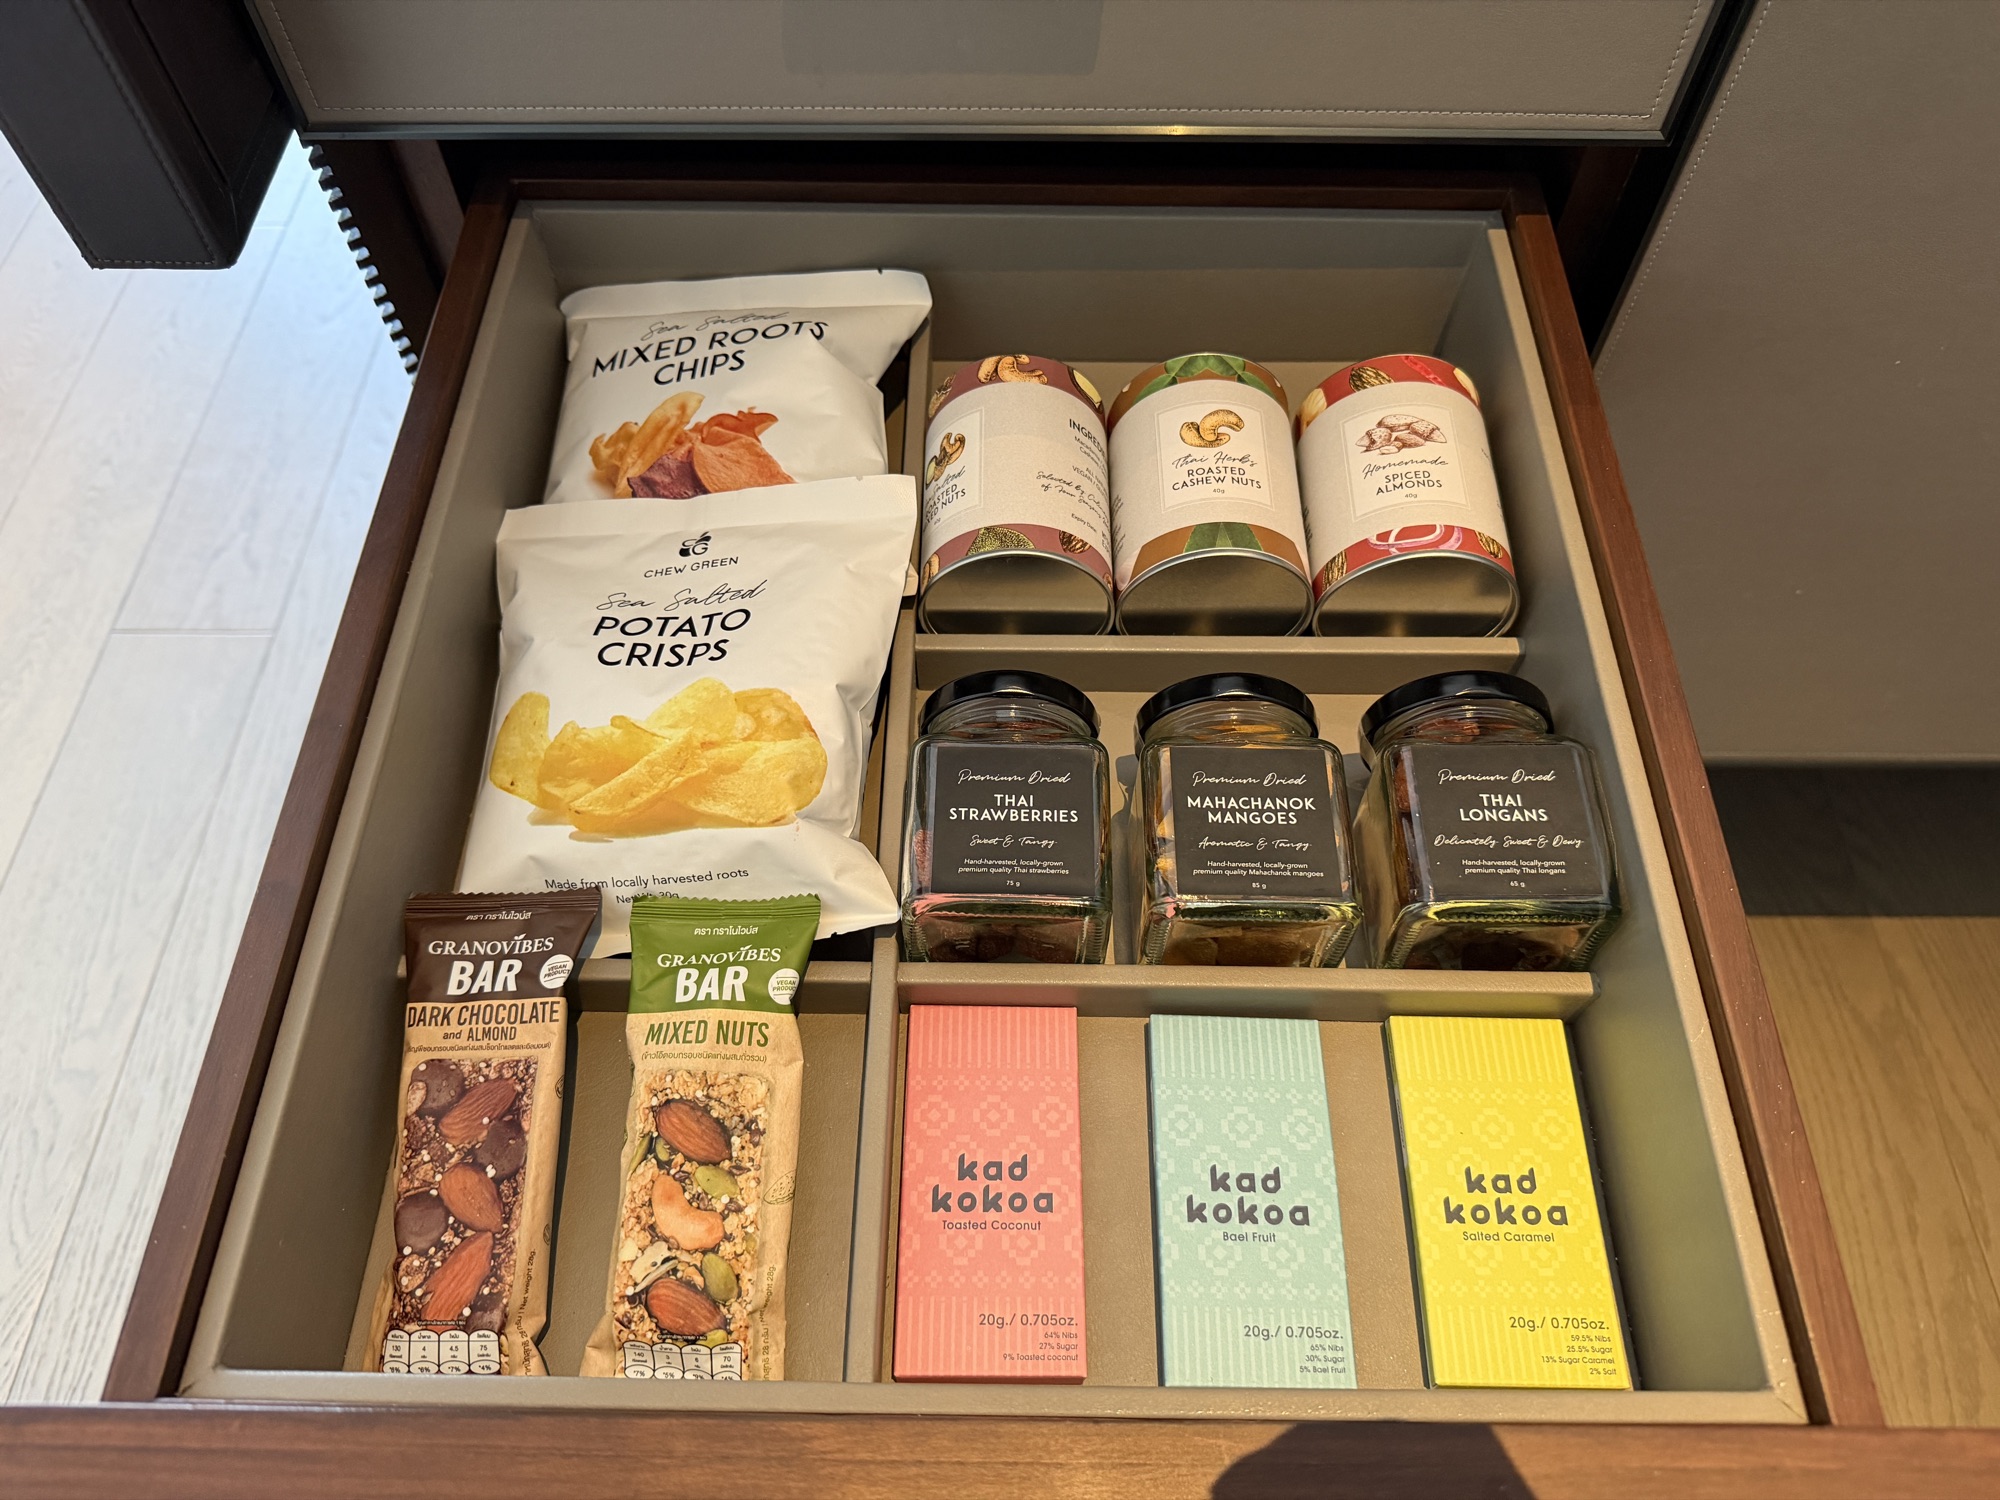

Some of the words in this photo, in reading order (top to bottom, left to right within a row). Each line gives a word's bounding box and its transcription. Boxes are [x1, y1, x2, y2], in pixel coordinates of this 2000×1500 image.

[641, 321, 688, 341] Sea
[696, 312, 789, 328] Salted
[592, 336, 696, 378] MIXED
[709, 321, 829, 350] ROOTS
[654, 350, 746, 386] CHIPS
[1172, 454, 1208, 469] Thai
[1214, 451, 1258, 467] Herbs
[1362, 456, 1448, 479] Homemade
[1036, 471, 1073, 486] Selected
[1188, 466, 1245, 477] ROASTED
[1385, 471, 1430, 483] SPICED
[1172, 476, 1226, 491] CASHEW
[1232, 477, 1262, 489] NUTS
[1376, 480, 1442, 495] ALMONDS
[941, 488, 966, 509] NUTS
[644, 565, 687, 578] CHEW
[690, 556, 739, 571] GREEN
[596, 592, 655, 610] Sea
[664, 579, 767, 612] Salted
[592, 608, 751, 638] POTATO
[597, 638, 729, 667] CRISPS
[958, 769, 1025, 784] Premium
[1028, 771, 1071, 784] Dried
[1192, 771, 1260, 786] Premium
[1263, 773, 1306, 786] Dried
[1438, 769, 1508, 784] Premium
[1511, 769, 1556, 784] Dried
[994, 794, 1033, 806] THAI
[1187, 796, 1316, 810] MAHACHANOK
[1479, 794, 1522, 806] THAI
[950, 808, 1078, 822] STRAWBERRIES
[1208, 811, 1297, 824] MANGOES
[1460, 808, 1548, 822] LONGANS
[970, 834, 1003, 846] Sweet
[1003, 835, 1014, 847] &
[1019, 836, 1058, 848] Tangy
[1199, 837, 1253, 849] Aromatic
[1256, 838, 1267, 850] &
[1272, 839, 1312, 851] Tangy
[1434, 834, 1498, 848] Delicately
[1503, 836, 1537, 847] Sweet
[1537, 835, 1548, 848] &
[1552, 835, 1584, 848] Dewy
[964, 858, 1018, 866] Hand-harvested,
[545, 879, 577, 889] Made
[581, 878, 608, 889] from
[612, 876, 649, 889] locally
[652, 871, 713, 886] harvested
[717, 868, 749, 880] roots
[990, 867, 1012, 875] quality
[428, 935, 554, 955] GRANOVIBES
[657, 946, 782, 968] GRANOVIBES
[447, 959, 522, 995] BAR
[544, 970, 570, 978] PRODUCT
[675, 966, 748, 1003] BAR
[408, 1006, 455, 1028] DARK
[457, 1000, 560, 1025] CHOCOLATE
[443, 1030, 461, 1040] and
[467, 1026, 516, 1041] ALMOND
[645, 1020, 708, 1046] MIXED
[716, 1020, 770, 1047] NUTS
[957, 1153, 1028, 1181] kad
[1210, 1164, 1281, 1193] kad
[1465, 1166, 1537, 1194] kad
[931, 1184, 1054, 1213] kokoa
[1187, 1194, 1310, 1226] kokoa
[1443, 1196, 1568, 1226] kokoa
[942, 1220, 987, 1230] Toasted
[991, 1220, 1041, 1230] Coconut
[1222, 1232, 1248, 1242] Bael
[1252, 1232, 1276, 1242] Fruit
[1462, 1231, 1500, 1241] Salted
[1504, 1232, 1555, 1242] Caramel
[766, 1264, 776, 1282] 28g.
[520, 1296, 528, 1311] Net
[524, 1267, 534, 1296] weight
[1020, 1314, 1078, 1326] 0.705oz.
[1550, 1317, 1610, 1330] 0.705oz.
[1044, 1331, 1060, 1339] 64%
[1062, 1331, 1078, 1339] Nibs
[1285, 1327, 1344, 1340] 0.705oz.
[1571, 1335, 1593, 1343] 59.5%
[1595, 1335, 1611, 1343] Nibs
[762, 1346, 770, 1356] 28
[1039, 1342, 1054, 1350] 27%
[1057, 1342, 1078, 1351] Sugar
[1328, 1344, 1344, 1352] Nibs
[1566, 1345, 1589, 1353] 25.5%
[1591, 1346, 1612, 1355] Sugar
[1003, 1353, 1014, 1361] 9%
[1016, 1353, 1045, 1361] Toasted
[1047, 1353, 1078, 1361] coconut
[1305, 1355, 1321, 1363] 30%
[1323, 1355, 1345, 1364] Sugar
[1541, 1355, 1557, 1363] 13%
[1558, 1356, 1580, 1365] Sugar
[1582, 1356, 1615, 1364] Caramel
[1331, 1366, 1346, 1374] Fruit
[1589, 1367, 1601, 1375] 2%
[1603, 1367, 1616, 1376] Salt

ASSIGNMENT:
Transcribe all the lines above exactly, apart from the pictures.

TASK SOLUTION:
Some of the words in this photo, in reading order (top to bottom, left to right within a row). Each line gives a word's bounding box and its transcription. Boxes are [x1, y1, x2, y2], in pixel coordinates of this 2000×1500 image.

[641, 321, 688, 341] Sea
[696, 312, 789, 328] Salted
[592, 336, 696, 378] MIXED
[709, 321, 829, 350] ROOTS
[654, 350, 746, 386] CHIPS
[1172, 454, 1208, 469] Thai
[1214, 451, 1258, 467] Herbs
[1362, 456, 1448, 479] Homemade
[1036, 471, 1073, 486] Selected
[1188, 466, 1245, 477] ROASTED
[1385, 471, 1430, 483] SPICED
[1172, 476, 1226, 491] CASHEW
[1232, 477, 1262, 489] NUTS
[1376, 480, 1442, 495] ALMONDS
[941, 488, 966, 509] NUTS
[644, 565, 687, 578] CHEW
[690, 556, 739, 571] GREEN
[596, 592, 655, 610] Sea
[664, 579, 767, 612] Salted
[592, 608, 751, 638] POTATO
[597, 638, 729, 667] CRISPS
[958, 769, 1025, 784] Premium
[1028, 771, 1071, 784] Dried
[1192, 771, 1260, 786] Premium
[1263, 773, 1306, 786] Dried
[1438, 769, 1508, 784] Premium
[1511, 769, 1556, 784] Dried
[994, 794, 1033, 806] THAI
[1187, 796, 1316, 810] MAHACHANOK
[1479, 794, 1522, 806] THAI
[950, 808, 1078, 822] STRAWBERRIES
[1208, 811, 1297, 824] MANGOES
[1460, 808, 1548, 822] LONGANS
[970, 834, 1003, 846] Sweet
[1003, 835, 1014, 847] &
[1019, 836, 1058, 848] Tangy
[1199, 837, 1253, 849] Aromatic
[1256, 838, 1267, 850] &
[1272, 839, 1312, 851] Tangy
[1434, 834, 1498, 848] Delicately
[1503, 836, 1537, 847] Sweet
[1537, 835, 1548, 848] &
[1552, 835, 1584, 848] Dewy
[964, 858, 1018, 866] Hand-harvested,
[545, 879, 577, 889] Made
[581, 878, 608, 889] from
[612, 876, 649, 889] locally
[652, 871, 713, 886] harvested
[717, 868, 749, 880] roots
[990, 867, 1012, 875] quality
[428, 935, 554, 955] GRANOVIBES
[657, 946, 782, 968] GRANOVIBES
[447, 959, 522, 995] BAR
[544, 970, 570, 978] PRODUCT
[675, 966, 748, 1003] BAR
[408, 1006, 455, 1028] DARK
[457, 1000, 560, 1025] CHOCOLATE
[443, 1030, 461, 1040] and
[467, 1026, 516, 1041] ALMOND
[645, 1020, 708, 1046] MIXED
[716, 1020, 770, 1047] NUTS
[957, 1153, 1028, 1181] kad
[1210, 1164, 1281, 1193] kad
[1465, 1166, 1537, 1194] kad
[931, 1184, 1054, 1213] kokoa
[1187, 1194, 1310, 1226] kokoa
[1443, 1196, 1568, 1226] kokoa
[942, 1220, 987, 1230] Toasted
[991, 1220, 1041, 1230] Coconut
[1222, 1232, 1248, 1242] Bael
[1252, 1232, 1276, 1242] Fruit
[1462, 1231, 1500, 1241] Salted
[1504, 1232, 1555, 1242] Caramel
[766, 1264, 776, 1282] 28g.
[520, 1296, 528, 1311] Net
[524, 1267, 534, 1296] weight
[1020, 1314, 1078, 1326] 0.705oz.
[1550, 1317, 1610, 1330] 0.705oz.
[1044, 1331, 1060, 1339] 64%
[1062, 1331, 1078, 1339] Nibs
[1285, 1327, 1344, 1340] 0.705oz.
[1571, 1335, 1593, 1343] 59.5%
[1595, 1335, 1611, 1343] Nibs
[762, 1346, 770, 1356] 28
[1039, 1342, 1054, 1350] 27%
[1057, 1342, 1078, 1351] Sugar
[1328, 1344, 1344, 1352] Nibs
[1566, 1345, 1589, 1353] 25.5%
[1591, 1346, 1612, 1355] Sugar
[1003, 1353, 1014, 1361] 9%
[1016, 1353, 1045, 1361] Toasted
[1047, 1353, 1078, 1361] coconut
[1305, 1355, 1321, 1363] 30%
[1323, 1355, 1345, 1364] Sugar
[1541, 1355, 1557, 1363] 13%
[1558, 1356, 1580, 1365] Sugar
[1582, 1356, 1615, 1364] Caramel
[1331, 1366, 1346, 1374] Fruit
[1589, 1367, 1601, 1375] 2%
[1603, 1367, 1616, 1376] Salt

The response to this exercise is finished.